Une étude réalisée en 2017 sur les émissions de CO2 et les économies en énergie liées au recyclage a montré qu'une tonne de PET recyclé permet d'économiser 70 % de gaz à effet de serre et 83 % d'énergie par rapport à la production d'une tonne de plastique vierge. L'économie de gaz à effet de serre et d'énergie atteint 89 % pour le recyclage d'une tonne de PEHD.

Le recyclage permettrait également de réduire notre dépendance vis-à-vis des importations d'énergies fossiles et de matières premières (telles que le polyester pour les textiles ou le caoutchouc naturel pour les pneus). Je tiens néanmoins à préciser que pour cela, il faudrait qu'il y existe des filières de recyclage en boucle fermée des textiles en polyester et des pneus, ce qui n'est pas le cas actuellement en France.

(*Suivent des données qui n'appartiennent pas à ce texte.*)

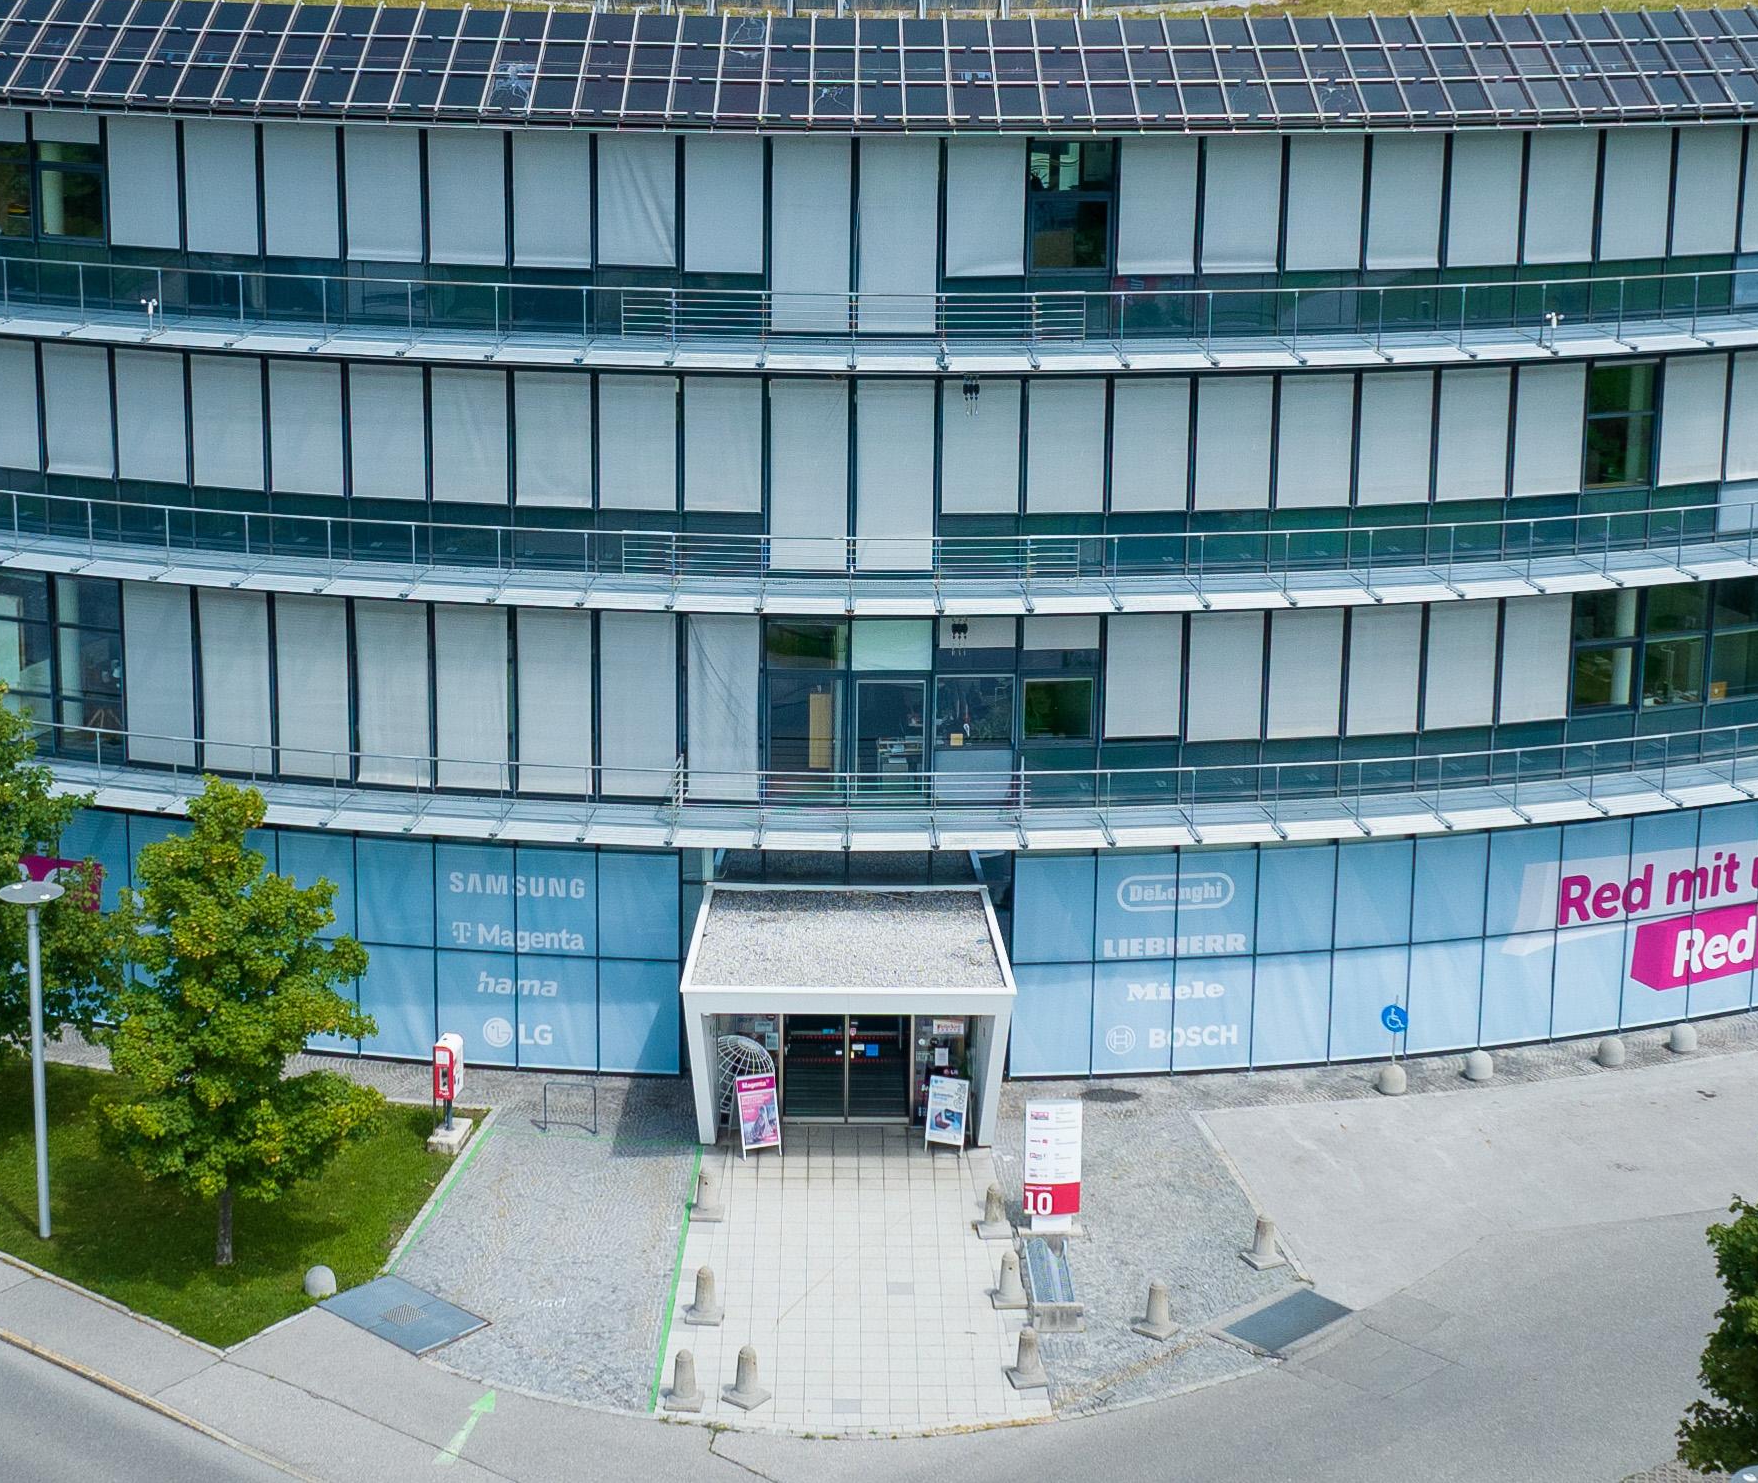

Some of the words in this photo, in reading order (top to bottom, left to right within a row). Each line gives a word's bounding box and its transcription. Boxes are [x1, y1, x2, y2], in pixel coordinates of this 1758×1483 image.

[449, 871, 585, 899] SAMSUNG
[1558, 863, 1654, 925] Red
[1666, 852, 1740, 905] mit
[477, 923, 585, 952] Magenta
[1103, 933, 1247, 957] LIEBHERR
[1673, 915, 1757, 978] Red
[477, 971, 558, 997] hama
[1126, 980, 1225, 1002] Miele
[518, 1023, 553, 1046] LG
[1148, 1024, 1238, 1049] BOSCH
[1024, 1191, 1053, 1215] 10
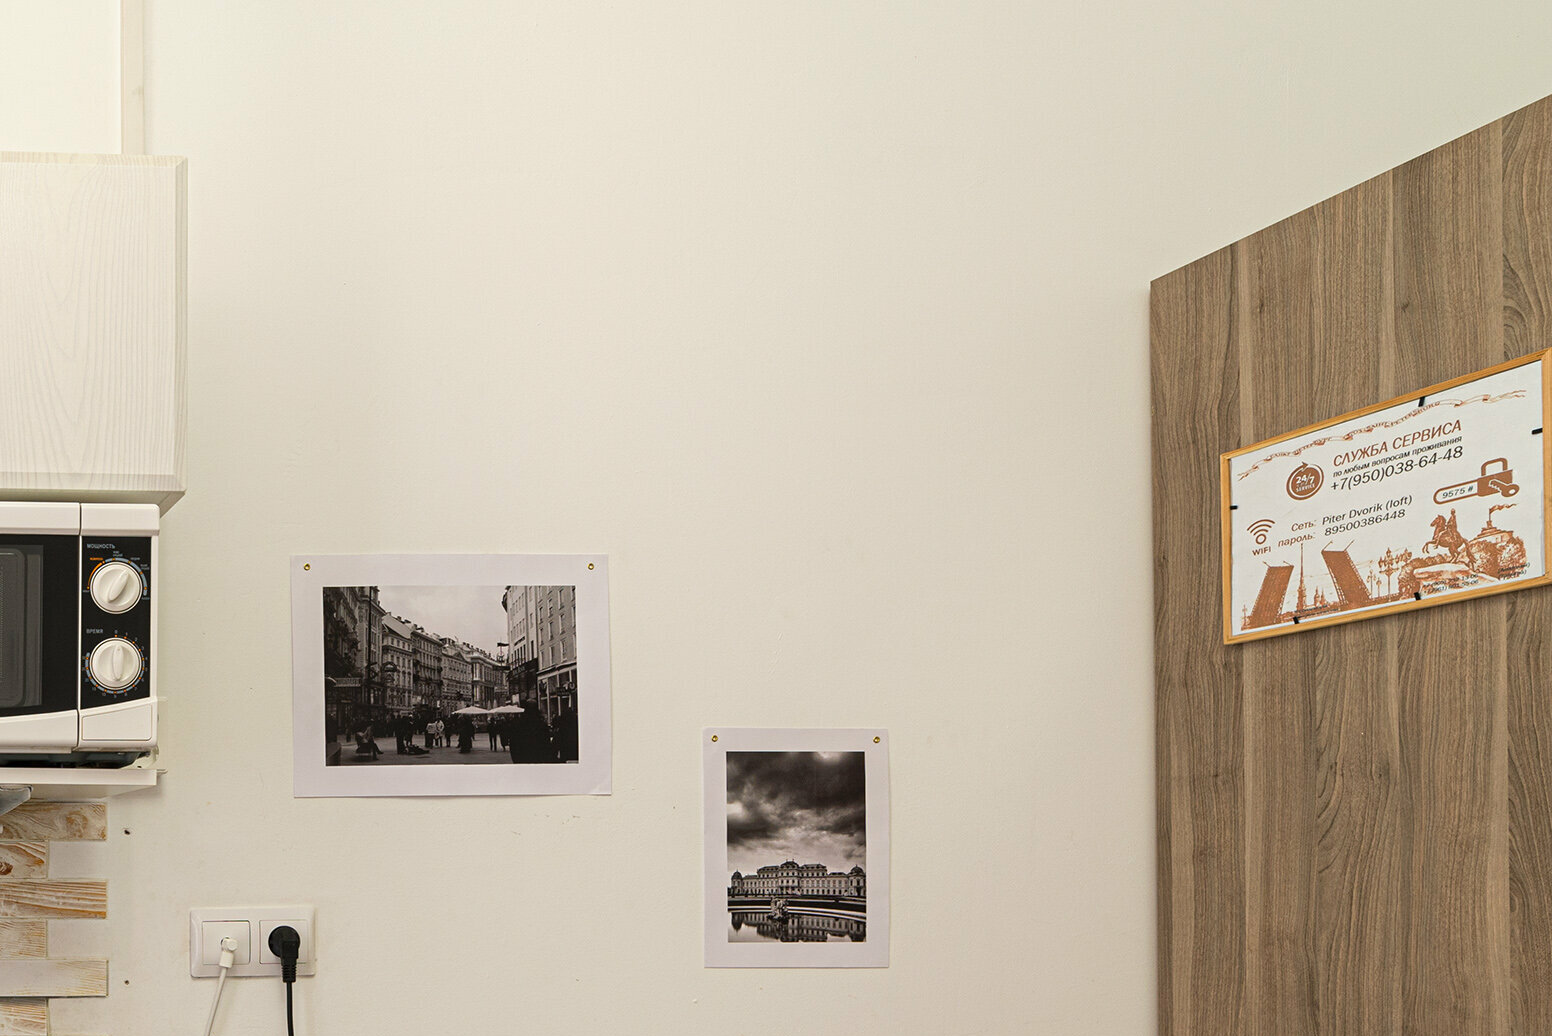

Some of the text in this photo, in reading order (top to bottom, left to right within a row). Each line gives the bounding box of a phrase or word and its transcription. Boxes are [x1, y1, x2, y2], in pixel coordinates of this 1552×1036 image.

[1333, 419, 1462, 467] СЛУЖБА СЕРВИСА
[1331, 445, 1463, 491] +7(950)038-64-48
[1333, 435, 1463, 478] по любым вопросам проживания
[1296, 473, 1315, 484] 24/7
[1442, 487, 1466, 499] 9575
[1322, 494, 1413, 526] Piter Dvorik (loft)
[1291, 519, 1317, 532] Сеть:
[1324, 508, 1406, 537] 89500386448
[1252, 546, 1272, 556] WIFI
[1277, 531, 1316, 548] пароль:
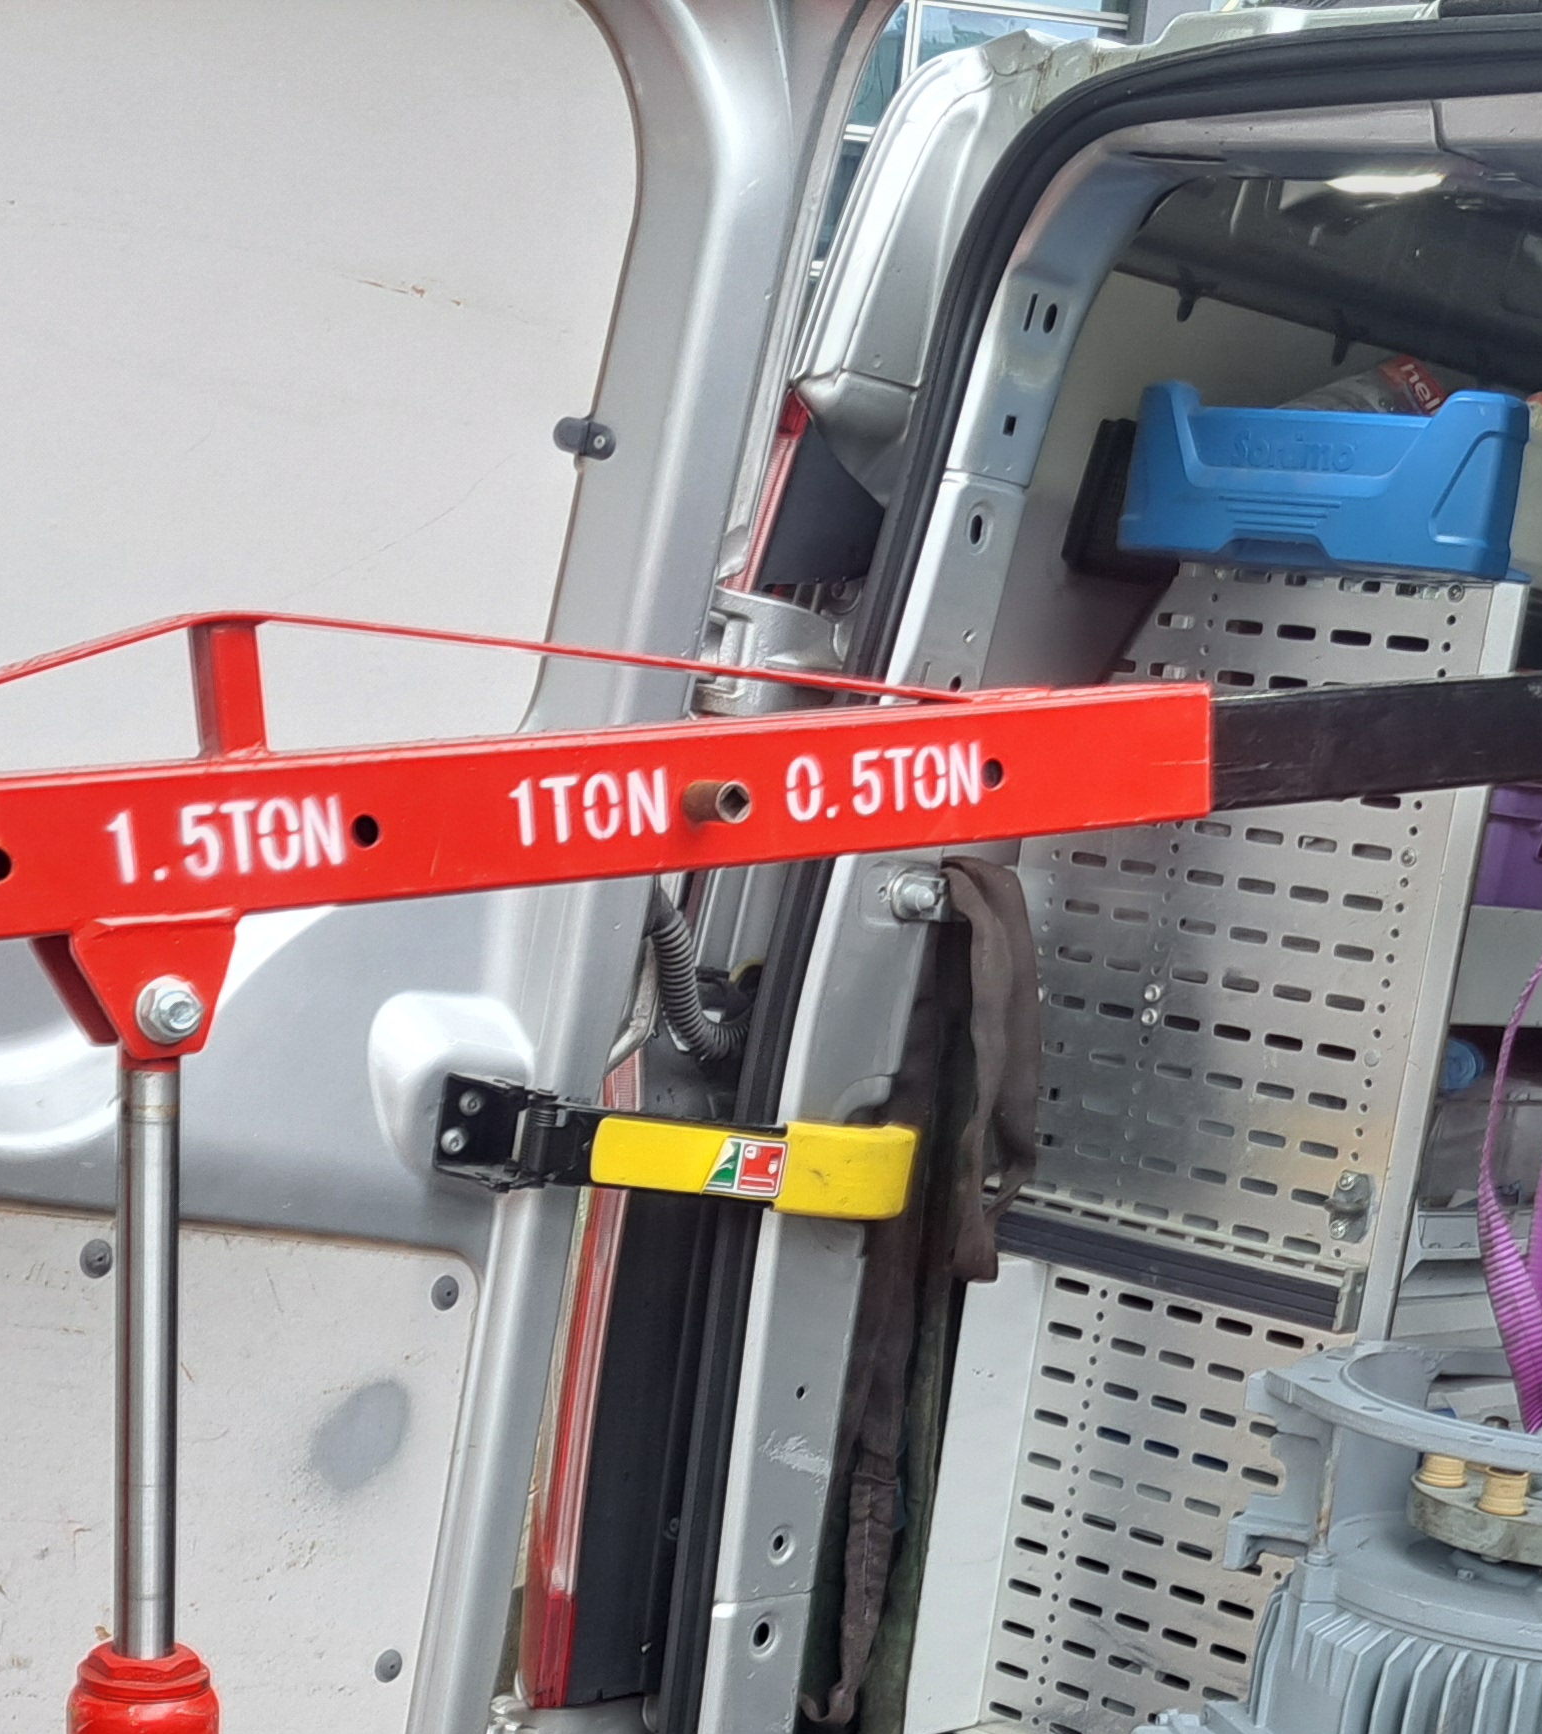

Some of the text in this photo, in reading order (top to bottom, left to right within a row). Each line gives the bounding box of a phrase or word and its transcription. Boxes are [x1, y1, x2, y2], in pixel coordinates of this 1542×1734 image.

[105, 796, 347, 886] 1.5TON
[509, 768, 669, 847] 1TON
[785, 741, 982, 822] 0.5TON
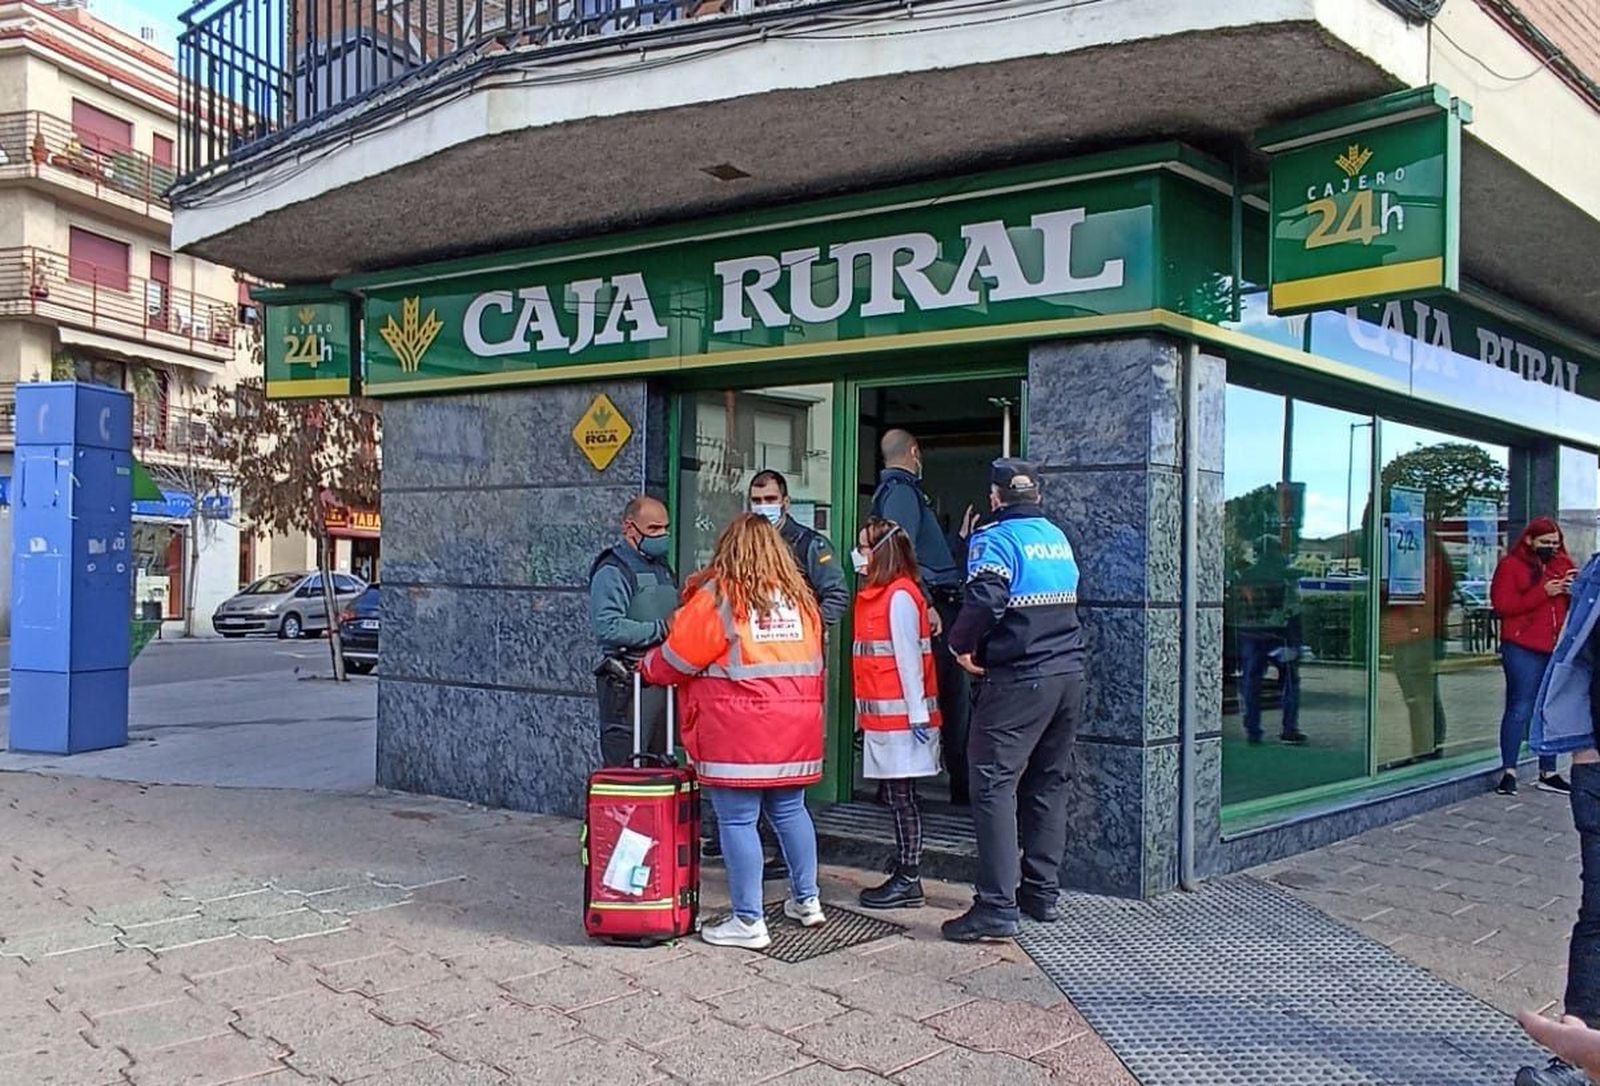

La contribution du recyclage à la lutte contre les déchets et la pollution plastique est plus mitigée : s'agissant de la production de déchets, la proportion de recyclage en boucle ouverte ainsi que la limite physique à laquelle se heurte le nombre de cycles de recyclage font de ce dernier un amortisseur temporel de la formation de déchets, sans permettre de les éviter. Quant à la pollution plastique, elle ne se limite pas à la gestion de la fin de vie des plastiques, mais concerne tous les stades de leur cycle de vie (production, usage, fin de vie) et je pense également au relargage des additifs et autres plastifiants, ainsi qu'à la dégradation en microplastiques.